As readers of the blog know, I’m African.
I’ve had my detractors, since moving to the US, about whether I can even make that claim.
Most bizarre, perhaps, were the charges by people, who should know better, that I couldn’t possibly identify myself as African because, as my photo attests, I’m white. I’ll note for the record that these detractors were not of my ethnic identity, not of my culture. They were American, and had never graced the shores of my beloved African continent.
I’ll note further, that in sharing this bizarre state of affairs, my African brethren, informed of my American colleagues’ epithets, were, above all, amused.
I told my story to a prominent national community leader in Zambia. He listened quietly and respectfully, as is the African way. When I was done, he asked me a question that healed my heart: “If you are white, and cannot be African, is it also the case that that, if you are black, you cannot be American?”

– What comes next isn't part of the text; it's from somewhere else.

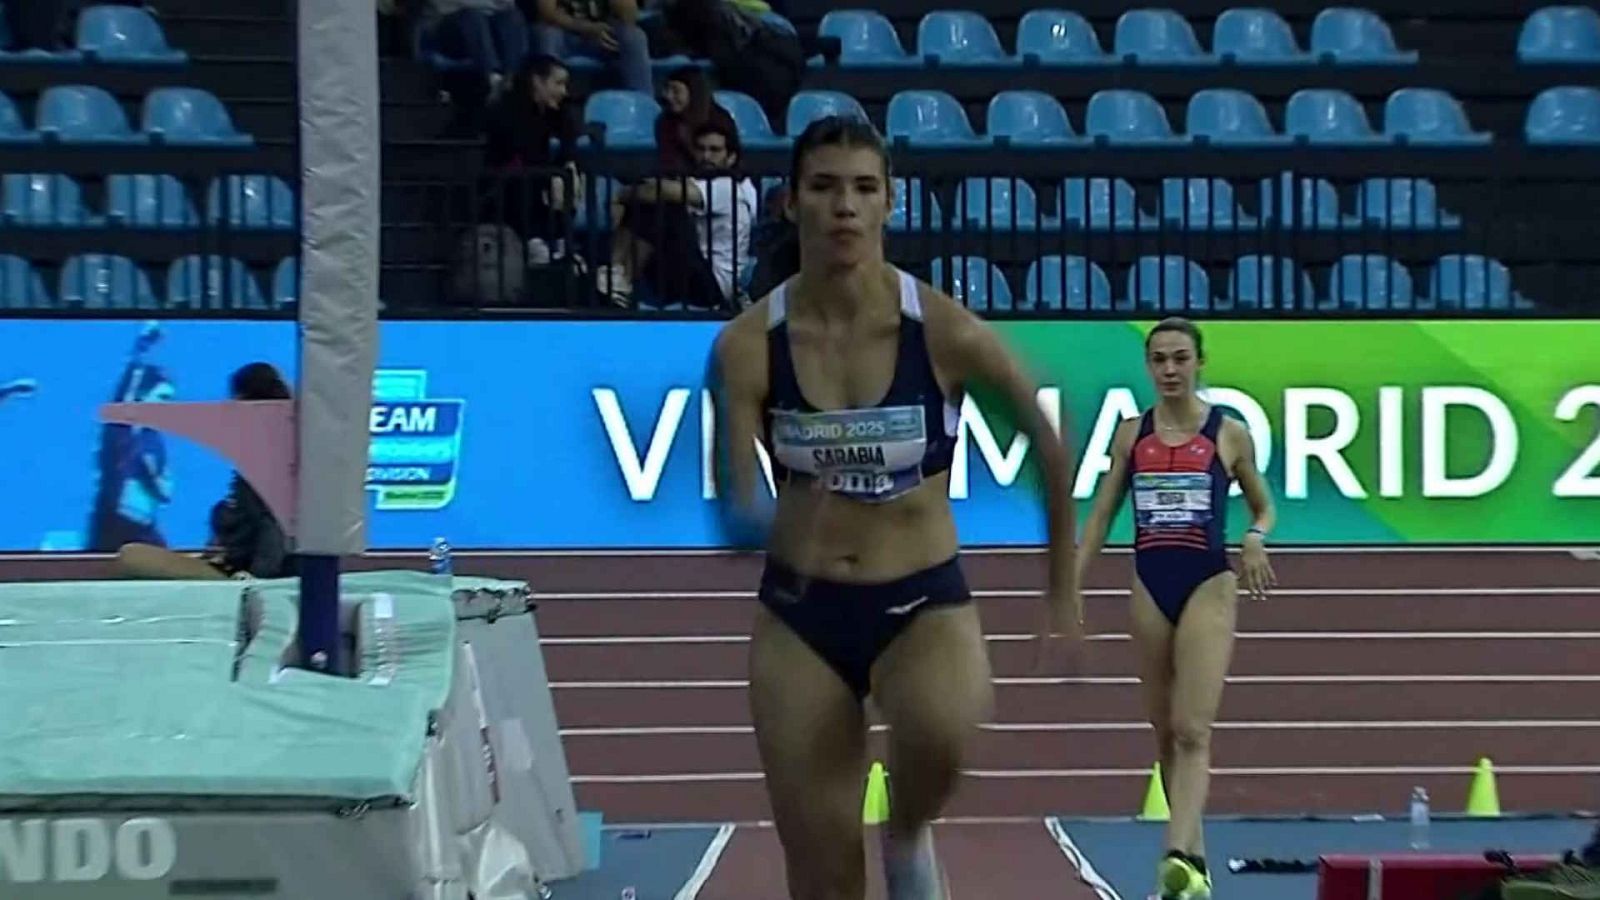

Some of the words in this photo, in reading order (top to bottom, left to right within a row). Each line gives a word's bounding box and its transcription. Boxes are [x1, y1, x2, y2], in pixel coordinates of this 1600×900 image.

In a Johannesburg craft market, I shared the same story with a Congolese trader. He looked at me for many, quite uncomfortable seconds, eyes growing ever wider. Then, as is the African wont, he burst out laughing, shook his head, and told me that my story was so implausible that I must surely be making it up. Assured that I wasn’t, he shook his head and said, “I am sorry, my brother.”
Enough said.
I was reminded of this issue listening to Cindy McCain a few minutes ago, because she talked about Rwanda, and about Rwanda’s suffering in the genocide of 1994.
In 1994’s Rwanda, tribal identity was a lethal, and official disability: Hutu, you live. Tutsi, you die.

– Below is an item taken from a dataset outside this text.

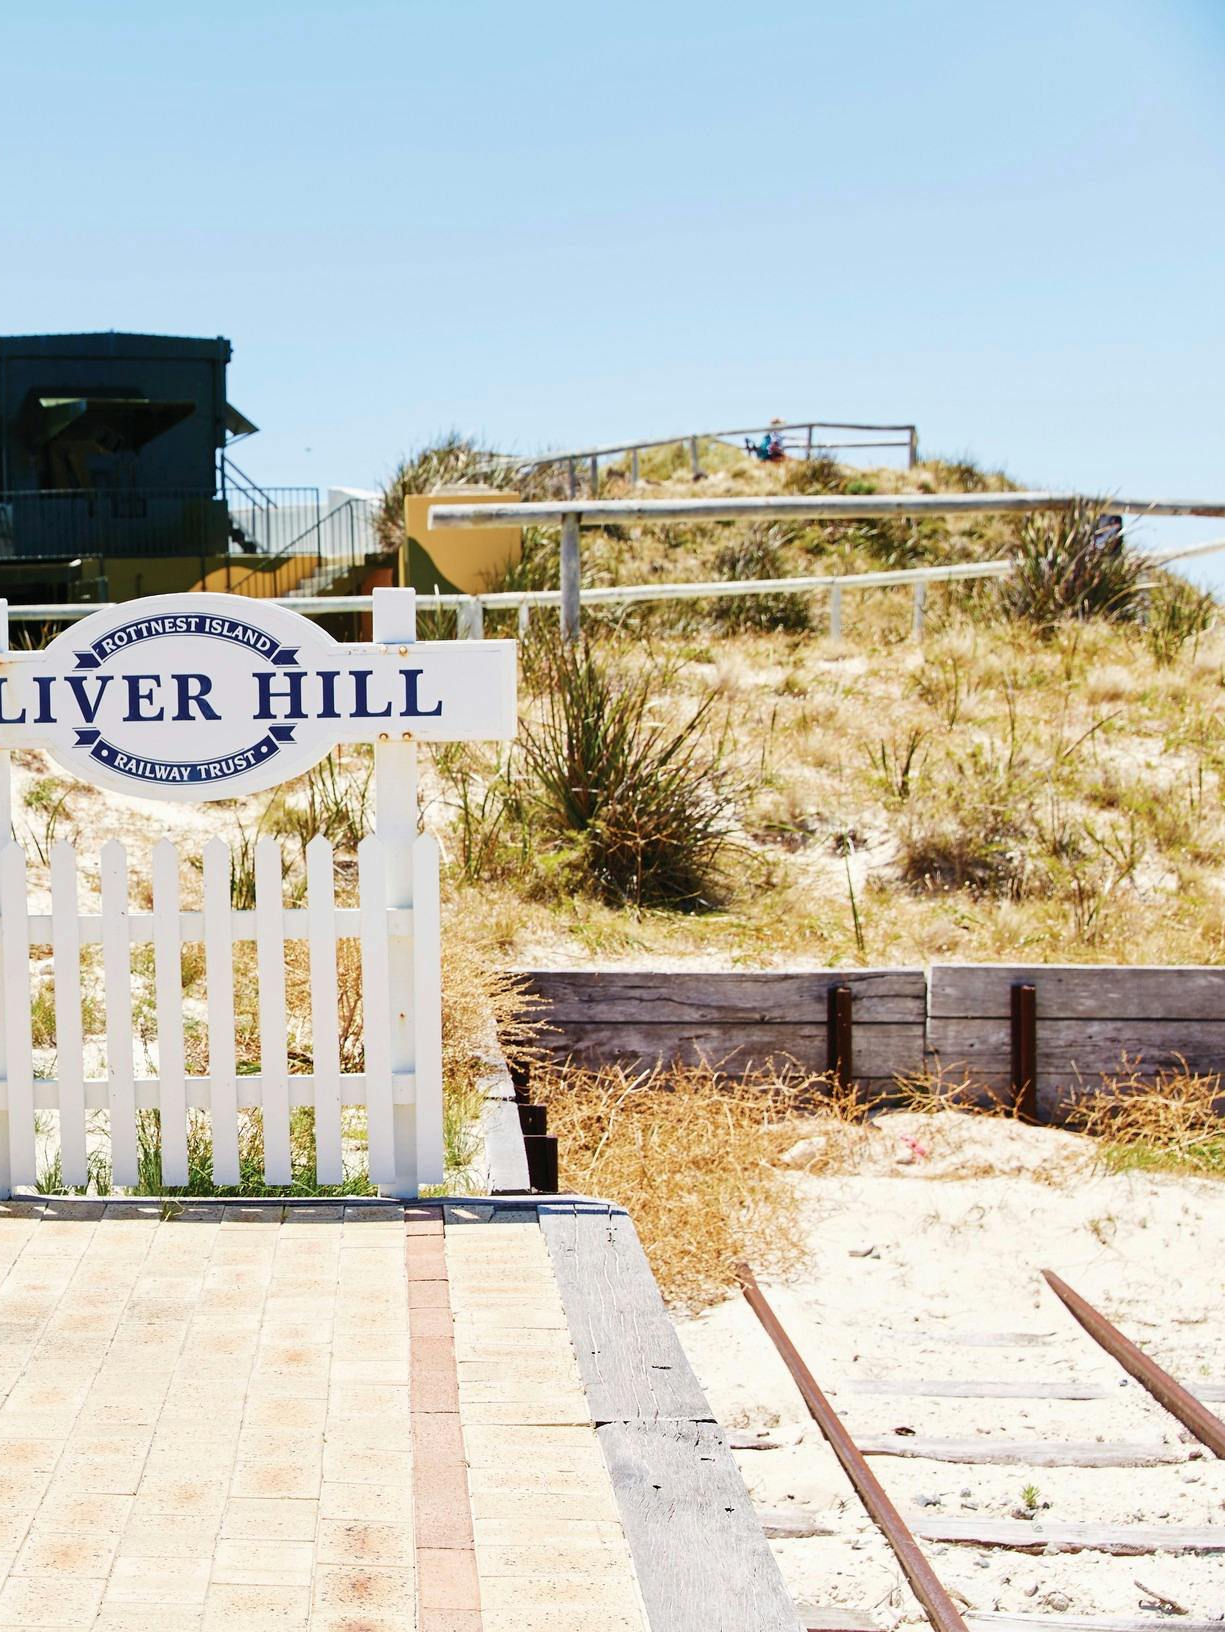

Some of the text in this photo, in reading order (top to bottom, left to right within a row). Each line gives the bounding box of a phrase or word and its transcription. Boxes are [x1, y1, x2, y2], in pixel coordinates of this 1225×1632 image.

[101, 617, 271, 654] ROTTNEST ISLAND
[251, 669, 443, 720] HILL
[113, 750, 257, 781] RAILWAY TRUST

Cindy McCain acknowledged a guest in the audience, Ernestine, of Rwanda, a woman who had survived the genocide, and who works for healing and reconciliation, in spite of her painful past.
Making difference a disability is never right. Making disability a difference is no better.
3 comments:
Cindy McCain's comments to Ernestine were a thinly guised attack on African-Americans. Cindy McCain was in fact appealing to Caucasian-American voters who are afraid that if a President with genetic ties to the African-American race is elected, African-Americans will then ask him to grant financial reparations for the horrible injustice of American slavery.
African-Americans have been consistently asked by Caucasians in the country not to "play the race card." This means, really, that African-Americans are not allowed to make any reference to the fact that they were kidnapped, enslaved, and mistreated after "freedom" by Caucasians. The current generation of Caucasians is fond of stating that they are not the generation that practiced slavery, and that they therefore should not be asked to consider its effects today. The idea of reparations to a generation of people whose 1960s parents were not allowed to attend university without firehoses in their faces doesn't seem improper to me.
African-Americans are mocked by Caucasians for speaking poor English, when in fact their parents and grandparents were robbed of the right to give them a legacy of high education and standard English without high powered water and intense verbal attacks.
I think it is Cindy McCain who played the "anti-race" card with her comment. By lauding Ernestine for not seeking reparations, she tried to validate the Caucasians who don't believe reparations for African-Americans are appropriate.
The imposed silence (about the effects of slavery and racism) on African-Americans by Caucasians is the true disability.
-Anita in New Jersey
Sorry. In my above comment, I meant to say "a President with genetic ties to Africa is elected." I realize that neither of the Presidential candidates are genetically African-American.
I also realize that not every Caucasian person is represented by Cindy McCain on the point of whether or not African-Americans should be compensated for the effects of systematic racism. I am married to a Caucasian man (English ancestry) who is far more enlightened than Mrs. McCain on the racism that African-Americans currently experience in the US and is not afraid to acknowledge the racist events of the past and present. (He has to look no further than the news reports of hanging Obama in effigy in Connecticut, defacing Obama signs with the "N" word, or the racial slurs shouted out at recent Republican rallies to find racists.) My husband and I happen to believe that educational grants for African-Americans whose parents were denied the right to attend college in a safe environment because of race would be worth considering.
If you're interested in a humorous look at the American idea that it is politically incorrect to even mention racial discrimination and ways to counter-balance it, check out the chapter on that subject in the book "Stuff White People Like." It is only funny and a best-seller because it rings so true to readers.
Take care.
-Anita again
Well, seeing that you cannot possibly see the world from my experience, I'd appreciate that you called me "white" and not "causasian."
Seeing that you are not , nor ever will be, white, please call me and my culture what we know, through experience you can never have, "white."
What, according to your culture, and perspective, would you prefer that I called you?
I also note that you did not address the heart of my argument.
For you, am I an African American or am I not?